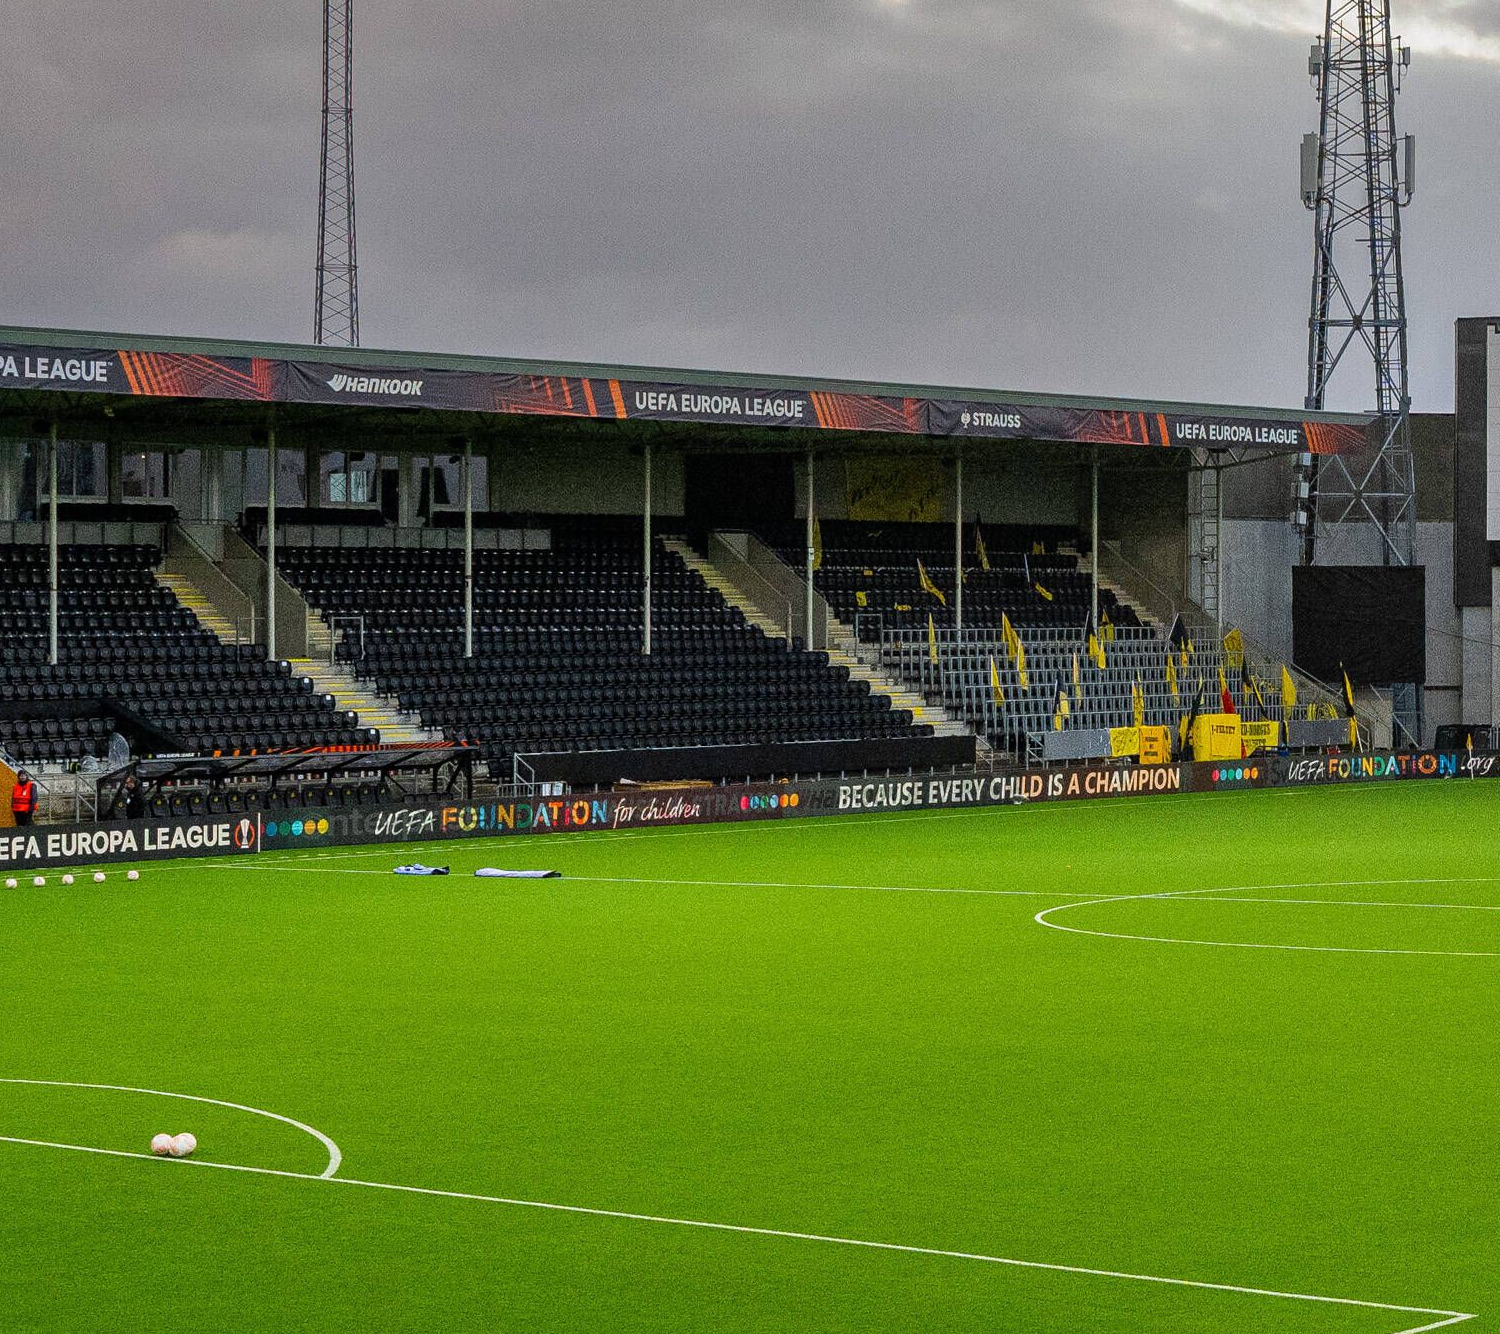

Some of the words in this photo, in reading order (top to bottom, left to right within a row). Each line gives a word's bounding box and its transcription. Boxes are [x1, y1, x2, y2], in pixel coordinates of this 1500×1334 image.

[635, 391, 678, 412] UEFA
[681, 394, 742, 415] EUROPA
[972, 412, 1021, 428] STRAUSS
[1176, 423, 1207, 440] UEFA
[1209, 425, 1253, 442] EUROPA
[1288, 760, 1326, 781] UEFA
[1328, 754, 1456, 778] FOUNDATION
[839, 781, 923, 810] BECAUSE
[928, 778, 983, 805] EVERY
[989, 774, 1043, 801] CHILD
[1048, 773, 1063, 797] IS
[1067, 772, 1081, 795] A
[1085, 768, 1180, 794] CHAMPION
[374, 808, 438, 837] UEFA
[441, 798, 608, 834] FOUNDATION
[613, 798, 635, 829] for
[640, 795, 700, 822] children
[47, 828, 138, 857] EUROPA
[144, 823, 231, 851] LEAGUE
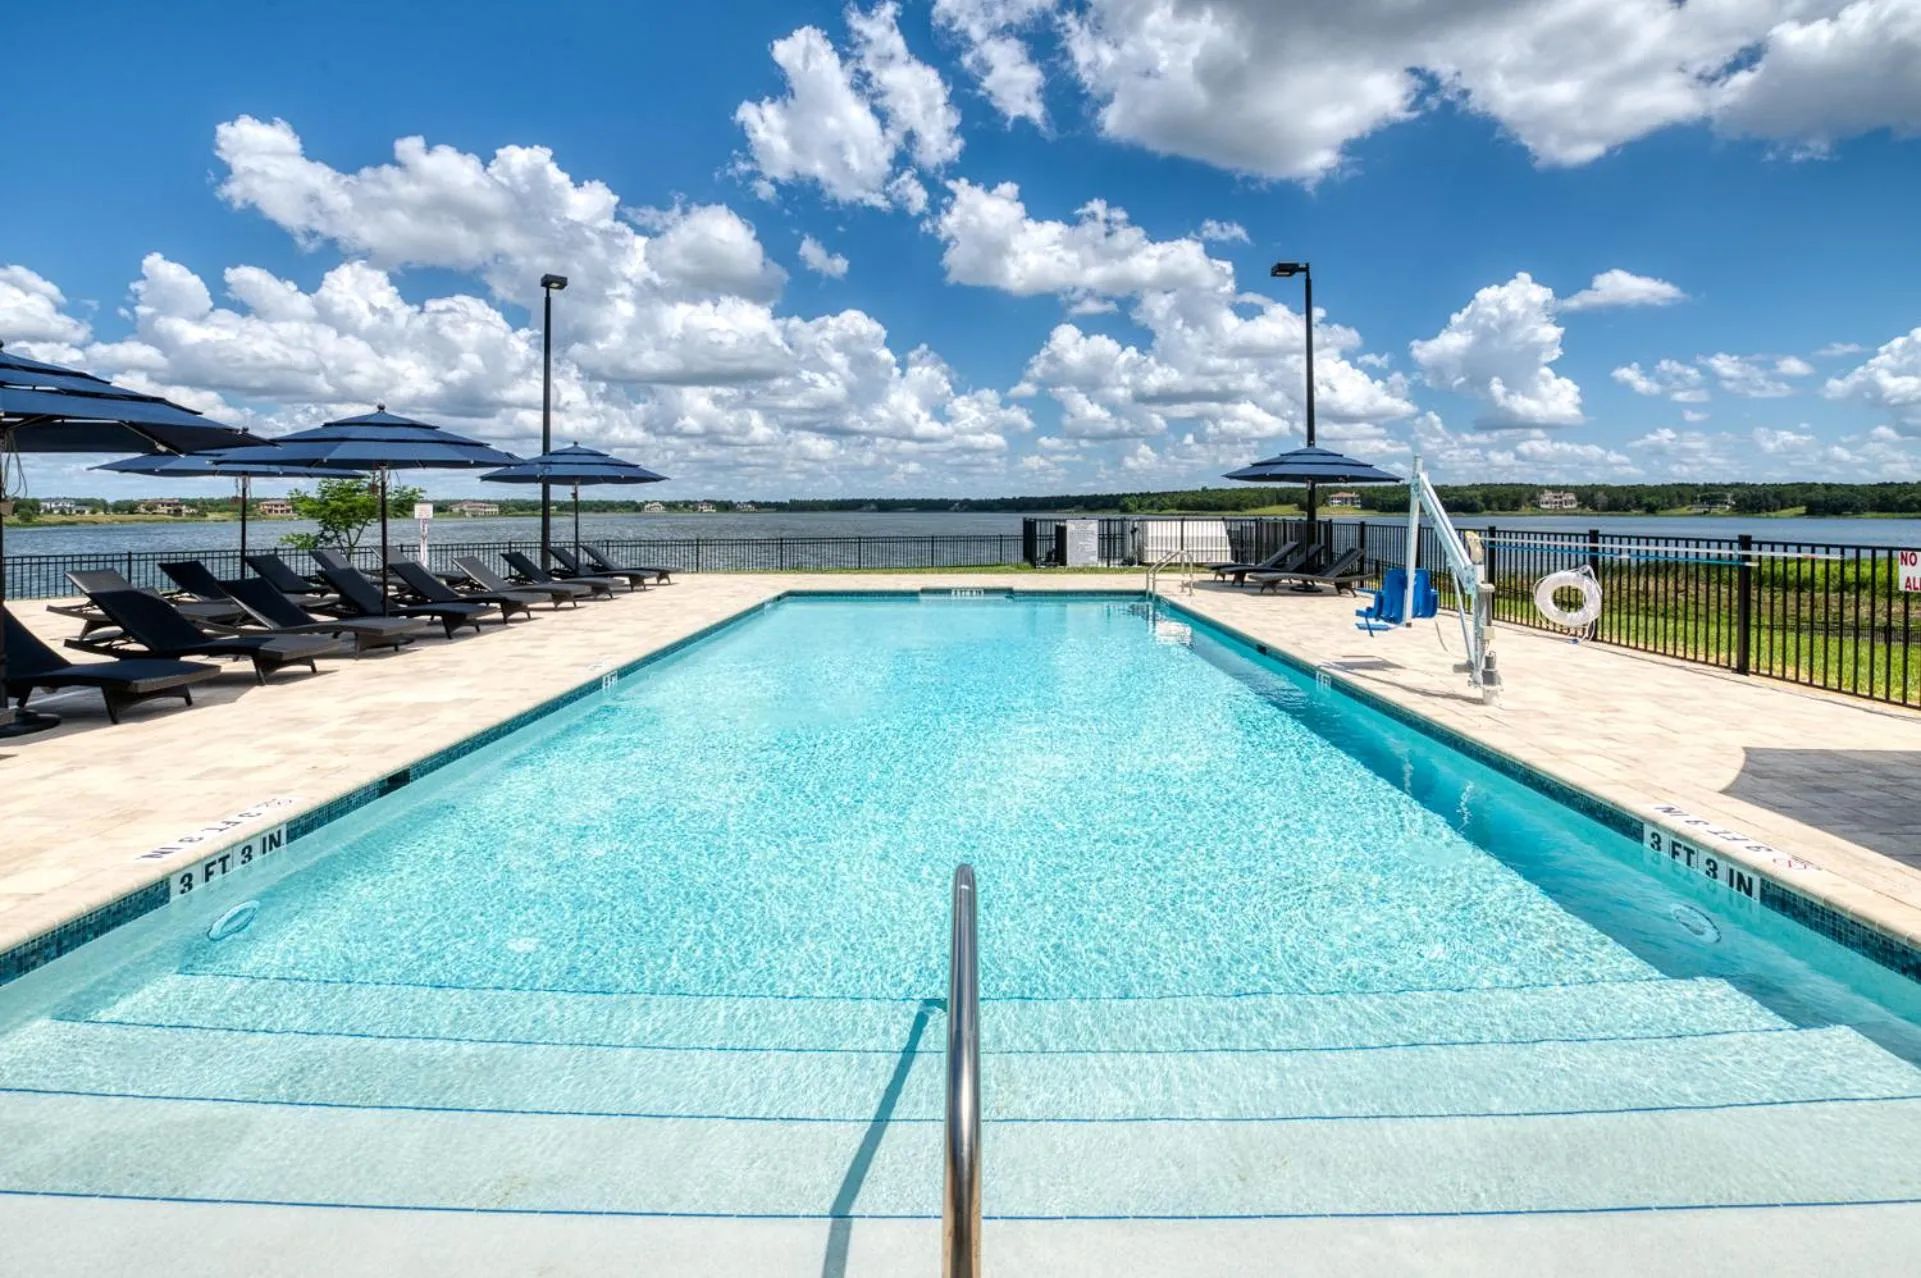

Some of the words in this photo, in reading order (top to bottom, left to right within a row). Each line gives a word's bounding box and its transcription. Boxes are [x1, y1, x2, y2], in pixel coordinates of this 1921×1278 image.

[1900, 551, 1918, 567] NO
[1905, 576, 1921, 591] AL
[179, 872, 194, 895] 3
[204, 854, 231, 884] FT
[240, 844, 254, 865] 3
[262, 829, 283, 856] IN
[1650, 832, 1662, 852] 3
[1671, 841, 1696, 867] FT
[1705, 858, 1719, 880] 3
[1728, 868, 1754, 898] IN

(Task details):
Wherever an image sits in the data, omit it; everything else must be copied exactly.

(Response to the exercise):
Some of the words in this photo, in reading order (top to bottom, left to right within a row). Each line gives a word's bounding box and its transcription. Boxes are [x1, y1, x2, y2], in pixel coordinates of this 1500×1334 image.

[635, 391, 678, 412] UEFA
[681, 394, 742, 415] EUROPA
[972, 412, 1021, 428] STRAUSS
[1176, 423, 1207, 440] UEFA
[1209, 425, 1253, 442] EUROPA
[1288, 760, 1326, 781] UEFA
[1328, 754, 1456, 778] FOUNDATION
[839, 781, 923, 810] BECAUSE
[928, 778, 983, 805] EVERY
[989, 774, 1043, 801] CHILD
[1048, 773, 1063, 797] IS
[1067, 772, 1081, 795] A
[1085, 768, 1180, 794] CHAMPION
[374, 808, 438, 837] UEFA
[441, 798, 608, 834] FOUNDATION
[613, 798, 635, 829] for
[640, 795, 700, 822] children
[47, 828, 138, 857] EUROPA
[144, 823, 231, 851] LEAGUE

Some of the words in this photo, in reading order (top to bottom, left to right within a row). Each line gives a word's bounding box and its transcription. Boxes are [x1, y1, x2, y2], in pixel coordinates of this 1921×1278 image.

[1900, 551, 1918, 567] NO
[1905, 576, 1921, 591] AL
[179, 872, 194, 895] 3
[204, 854, 231, 884] FT
[240, 844, 254, 865] 3
[262, 829, 283, 856] IN
[1650, 832, 1662, 852] 3
[1671, 841, 1696, 867] FT
[1705, 858, 1719, 880] 3
[1728, 868, 1754, 898] IN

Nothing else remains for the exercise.